Mumsnet has not checked the qualifications of anyone posting here. If you need help urgently or expert advice, please see our domestic violence webguide and/or relationships webguide. Many Mumsnetters experiencing domestic abuse have found this thread helpful: Listen up, everybody

AIBU to think £200 month takes the piss

286 replies

budelle · 13/05/2022 07:05

Partner wants to move in, he has offered to pay £200 month. He earns roughly £500 a week and has sold his house with his ex. I'm a single mom and would lose my tax credits £480 month. Obviously I would be able to work more to compensate as he would help with childcare. Just seems very imbalanced, what would you do?

OP posts:
LetHimHaveIt · 13/05/2022 12:17

I wouldn't let the cocklodger move in for all the tea in China.

viques · 13/05/2022 12:17

£7.14 a day. To cover what? Food, heating, lighting, hot water, laundry , toiletries, council tax, Netflix,sky sports? That’s a pretty good deal you are offering him.

My question is what is he planning to do with the £1800 a month he will have left over in his back pocket once he has handed over the small stack (10 to be precise) of twenty pound notes he is offering you?

Anonnnnnnm · 13/05/2022 12:17

50/50 or stay where he is! End of 😂

MarvelMrs · 13/05/2022 12:17

Apologies for the typos.
*not even enough rent
*an argument

SueDeNeem · 13/05/2022 12:18

budelle · 13/05/2022 07:15

He is very kind and generous normally, I'm in shared ownership at the moment so Don expect him to pay any costs towards the rent, I own my share. Yes I do want him to move in but this is niggling at me

Well if you rent, he could pay half. Or better still, ask him to find a place that you both could rent. See what his answer is to that? His reaction will tell you what you need to know

KettrickenSmiled · 13/05/2022 12:20

He is very kind and generous normally,
How long have you been with him OP?
Because this switch from "generous" to "self-interested tightwad" is highly suspicious.

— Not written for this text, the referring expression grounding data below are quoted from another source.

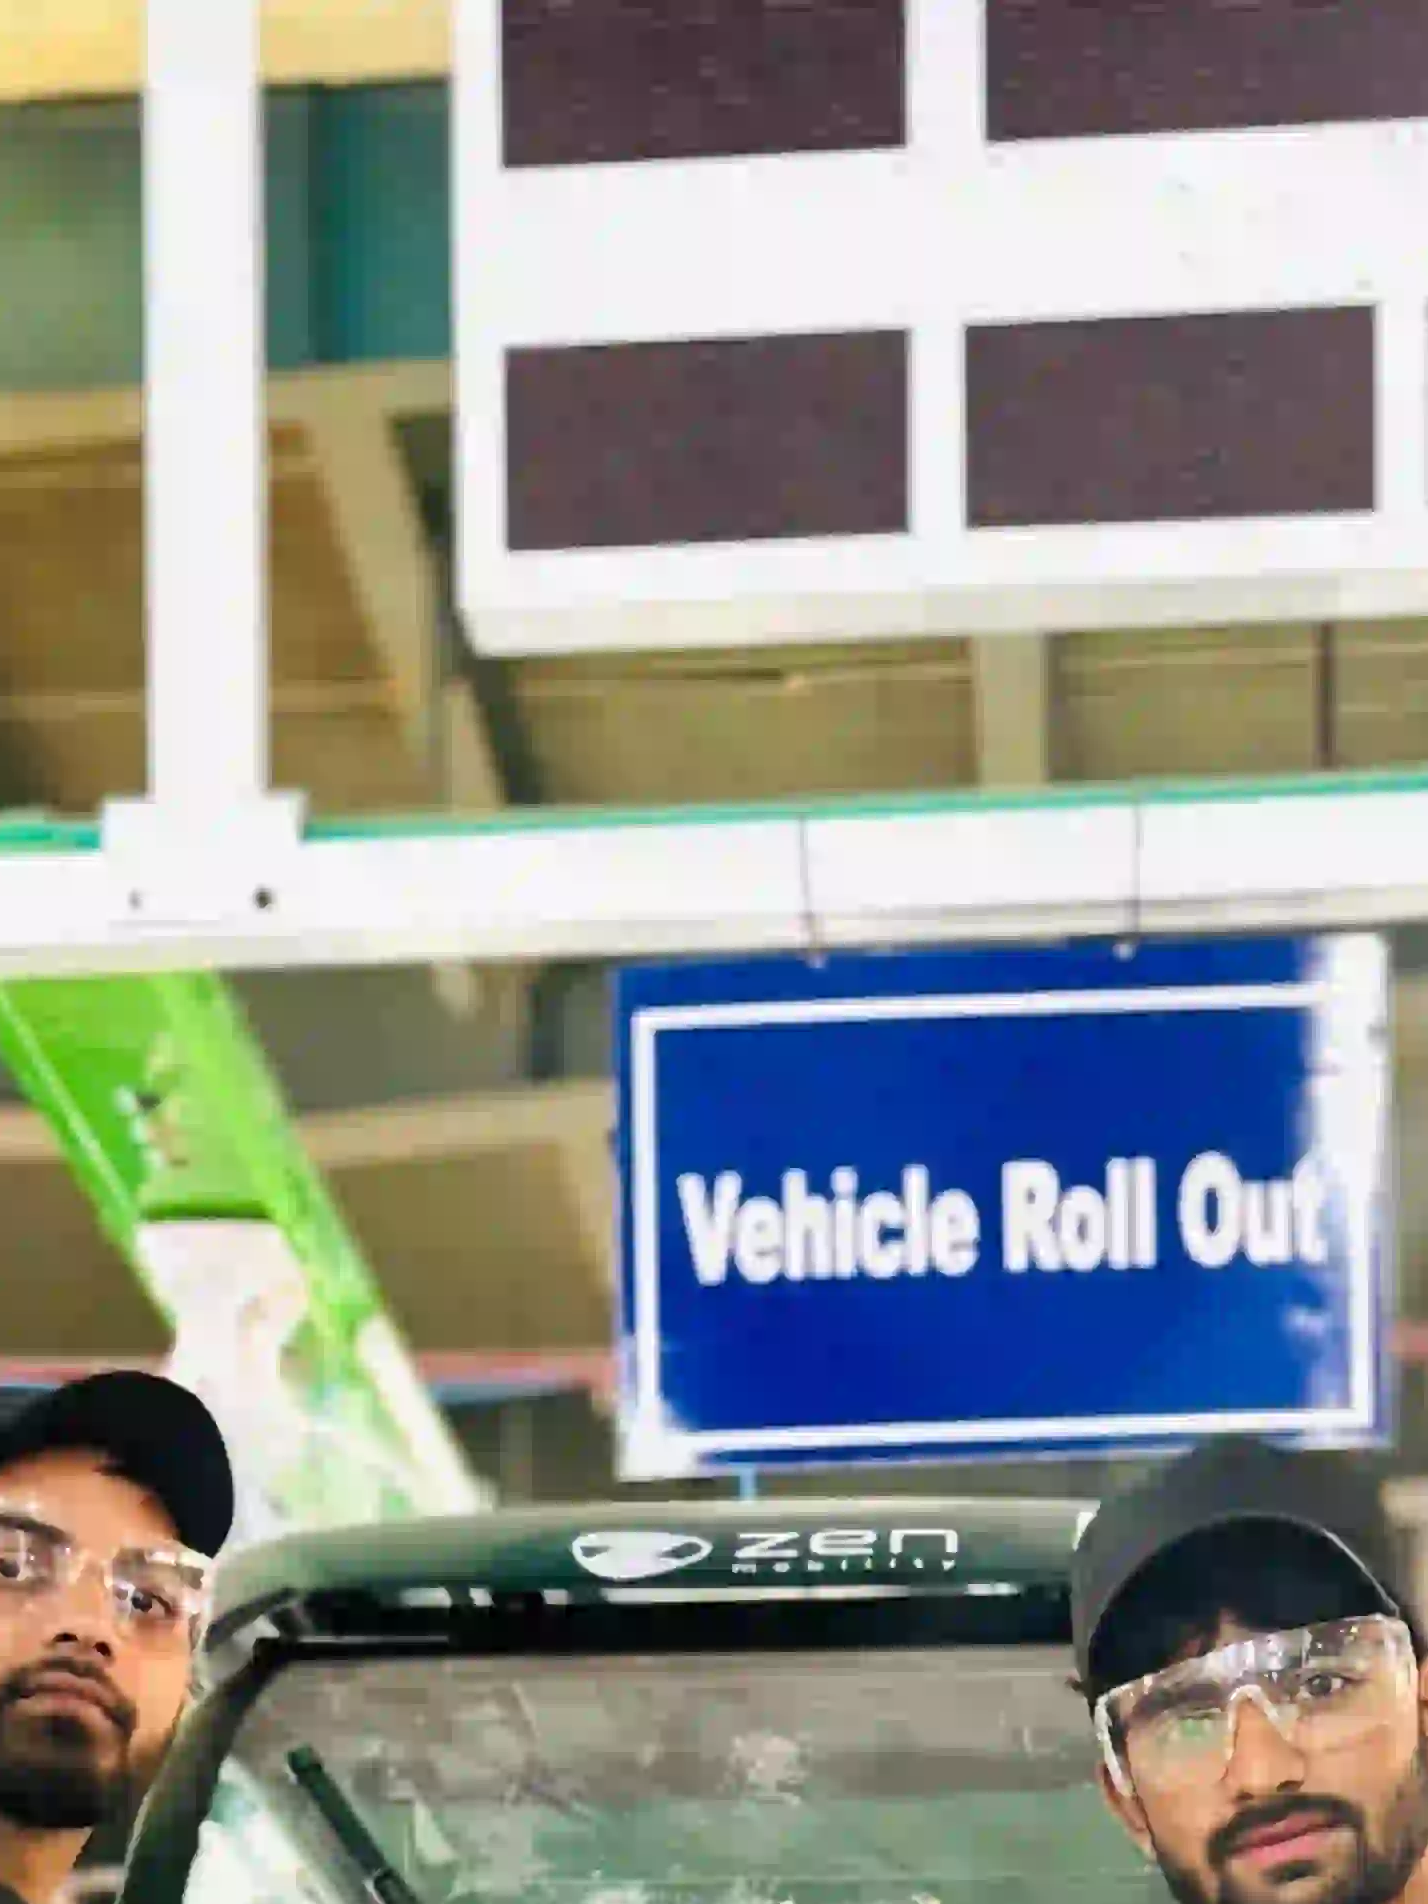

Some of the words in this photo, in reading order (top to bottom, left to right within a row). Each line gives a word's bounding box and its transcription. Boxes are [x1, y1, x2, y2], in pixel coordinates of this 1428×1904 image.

[676, 1163, 980, 1286] Vehicle
[1001, 1156, 1158, 1273] Roll
[1178, 1150, 1330, 1268] Out
[733, 1528, 959, 1559] zen
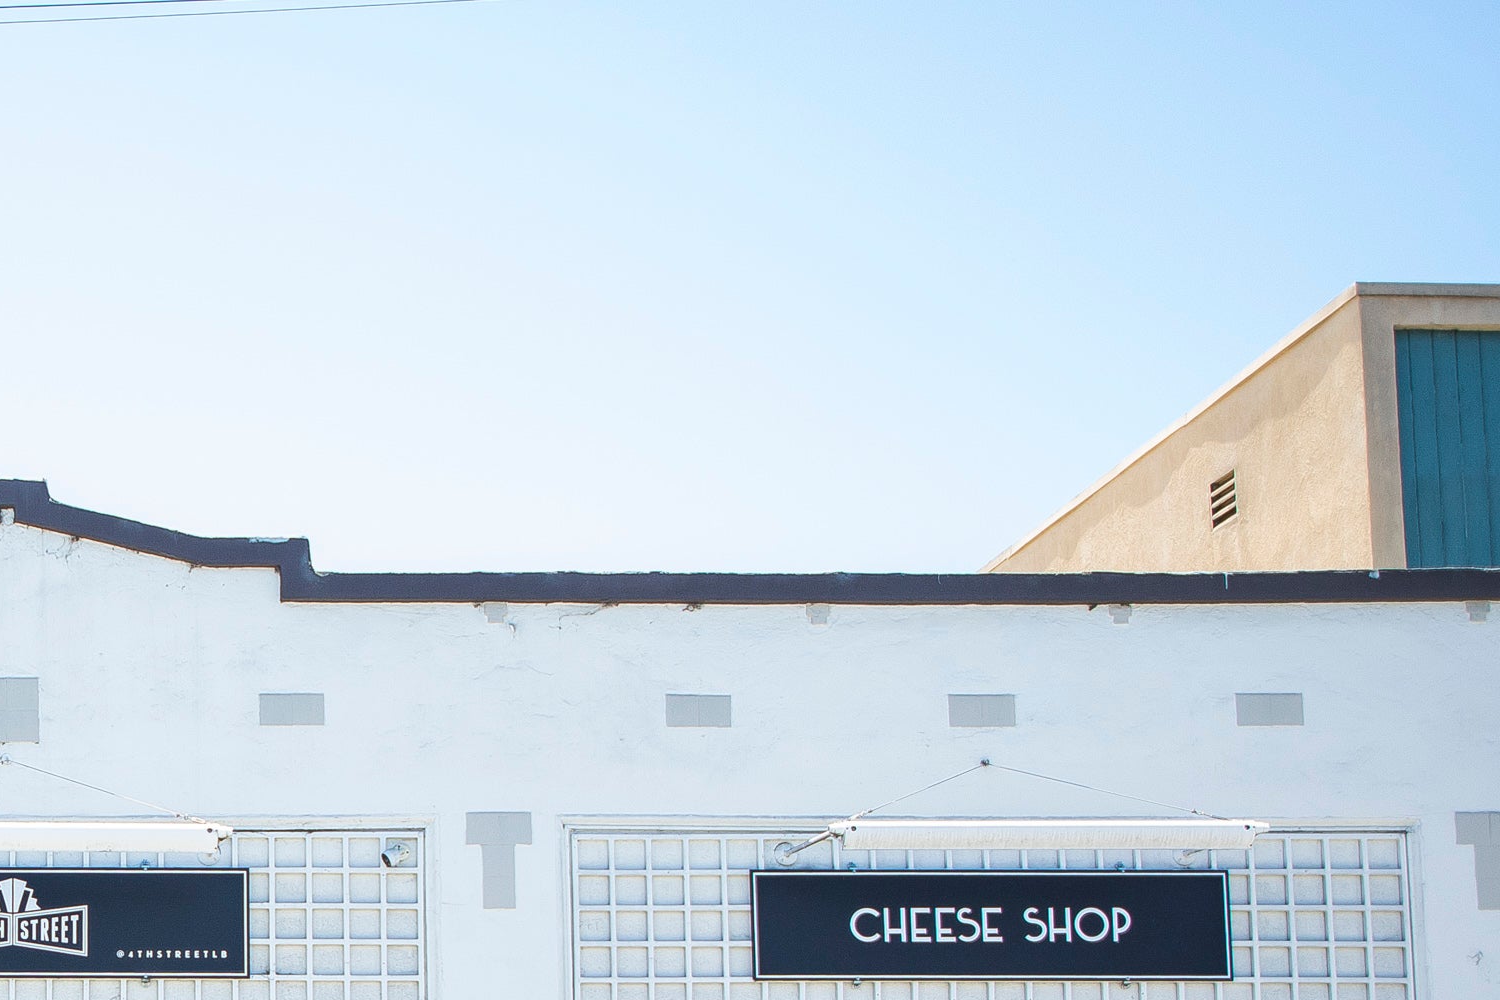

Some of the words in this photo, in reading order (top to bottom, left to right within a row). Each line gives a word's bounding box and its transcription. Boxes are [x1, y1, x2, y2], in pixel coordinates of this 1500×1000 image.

[19, 914, 80, 945] STREET
[849, 906, 1003, 943] CHEESE
[1023, 906, 1132, 943] SHOP
[116, 949, 228, 959] @4THSTREETLB

You will lose £480 in tax credits, he proposes £200 'contribution' ... so this guy actually reckons YOU should pay £280 a month for the privilege of housing HIM?

I'm in shared ownership at the moment so Don expect him to pay any costs towards the rent, I own my share.
Why? It costs YOU money to pay for that roof.
It would cost HIM money to pay for his own roof.
Why do you feel that you somehow ought not to ask him to pay half the cost of a shared roof?

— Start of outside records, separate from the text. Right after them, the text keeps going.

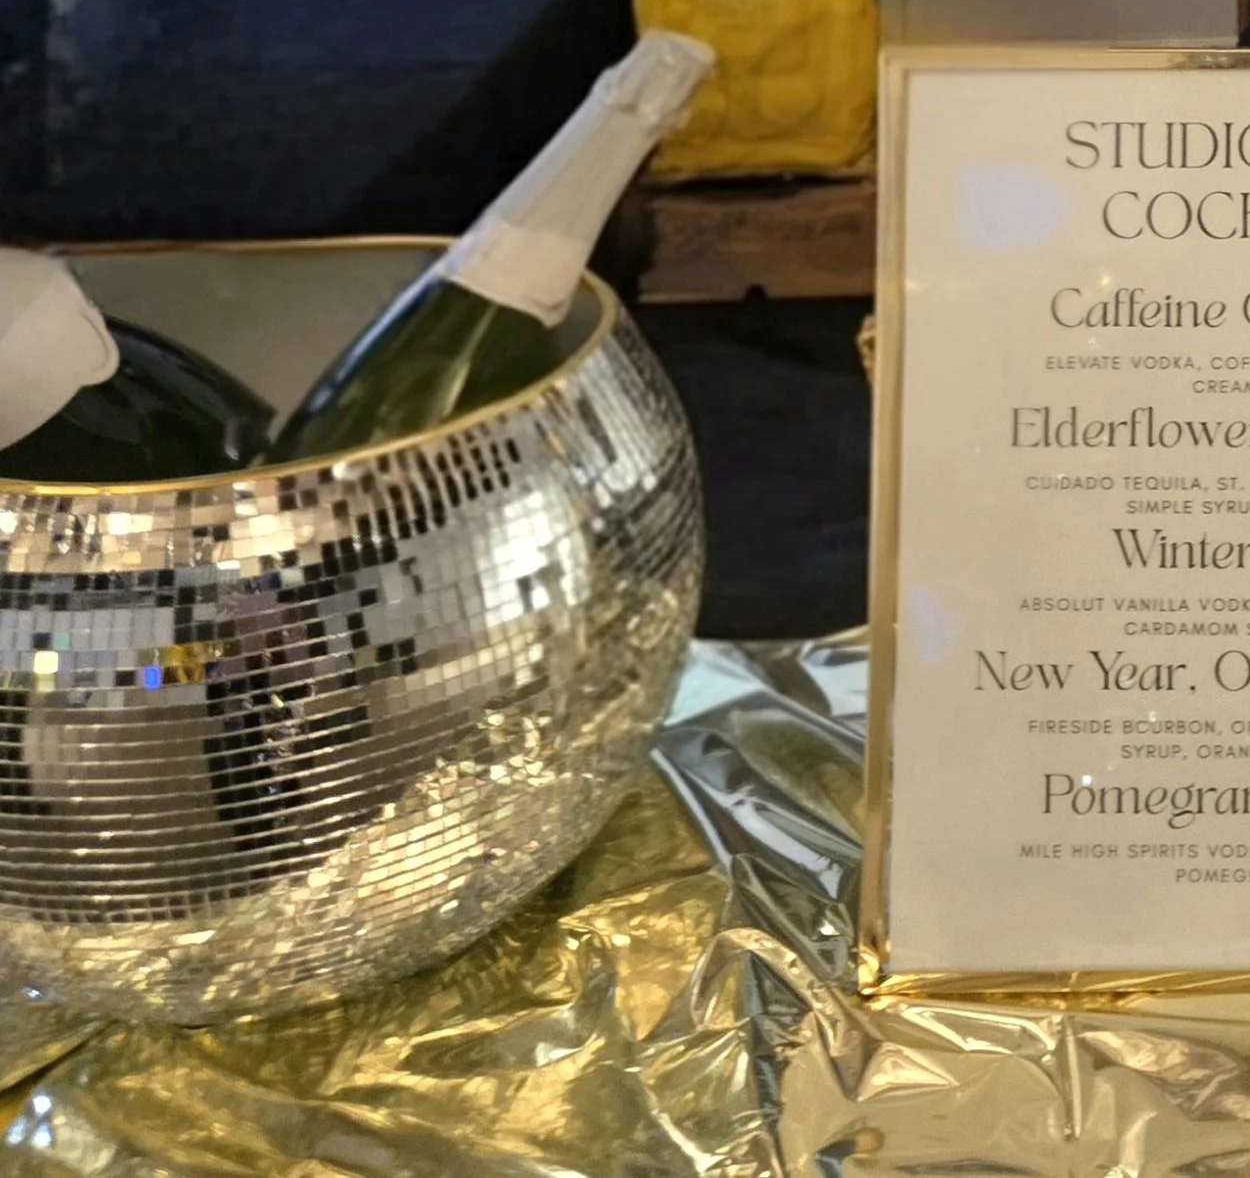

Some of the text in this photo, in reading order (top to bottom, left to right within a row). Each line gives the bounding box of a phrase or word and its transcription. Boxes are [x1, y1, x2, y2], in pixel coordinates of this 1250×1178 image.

[1049, 287, 1228, 329] Caffeine
[1044, 354, 1122, 372] ELEVATE
[1129, 355, 1203, 373] VODKA,
[1024, 474, 1116, 492] CUIDADO
[1121, 475, 1210, 494] TEQUILA,
[1215, 475, 1246, 492] ST.
[1124, 499, 1194, 516] SIMPLE
[1017, 596, 1106, 614] ABSOLUT
[1111, 597, 1191, 613] VANILLA
[1122, 620, 1240, 637] CARDAMOM
[974, 649, 1075, 692] New
[1087, 649, 1197, 695] Year,
[1026, 718, 1113, 736] FIRESIDE
[1120, 743, 1189, 761] SYRUP,
[1017, 842, 1063, 860] MILE
[1070, 842, 1120, 860] HIGH
[1126, 843, 1200, 860] SPIRITS

Yes I do want him to move in but this is niggling at me
So it should.
When did he move out of the property he has just sold? (Or has he not moved out yet?)
Where is he living now?

Nobody falls in love as fast as a man who wants a roof over his head & a built-in housekeeper. Sorry OP that won't be what you want to hear ... but am sure you've seen enough cocklodger threads around here to remain very, very wary.

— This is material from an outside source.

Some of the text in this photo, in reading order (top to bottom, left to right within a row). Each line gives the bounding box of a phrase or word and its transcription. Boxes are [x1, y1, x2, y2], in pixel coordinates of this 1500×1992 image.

If you said NO to his request to move in, what would his plan be?
Does he even have a back-up plan?
Or is he expecting you to just go along with his (frankly, very cheeky) request to house him?
I cannot believe you are considering paying £280 a month to have this man live with you. Or that your question is "is the amount of money fair" instead of "why is this man taking the piss out of me?"

I think you should say NO for now.
Just to see how he responds. I think it will be very revealing. Because I think he HAS no back-up plan, & he is taking you for granted.

StarCourt · 13/05/2022 12:24

OP have you actually told him how this would affect your finances? Does he realise that most people who privately rent pay at least 40% of their salary as rent then bills on top?
If he's moving in he should be paying you at least £800 per month

FlowerArranger · 13/05/2022 12:25

There's a third question floating about here too, and it is "Just how do I feel about a man who wants to live off me, whose presence in my house would make me £480 worse off immediately and probably more as time went on, who must know how much it costs to run a household and so knows £200 just won't cut it, and who essentially wants to have a mother-son financial relationship with me where I shoulder all the responsibility along with a substantial proportion of his living costs? Just how does that make me feel about him?"

THIS.

@budelle ...... please really ponder this and take a step back while you consider ALL the implications of what HE is proposing.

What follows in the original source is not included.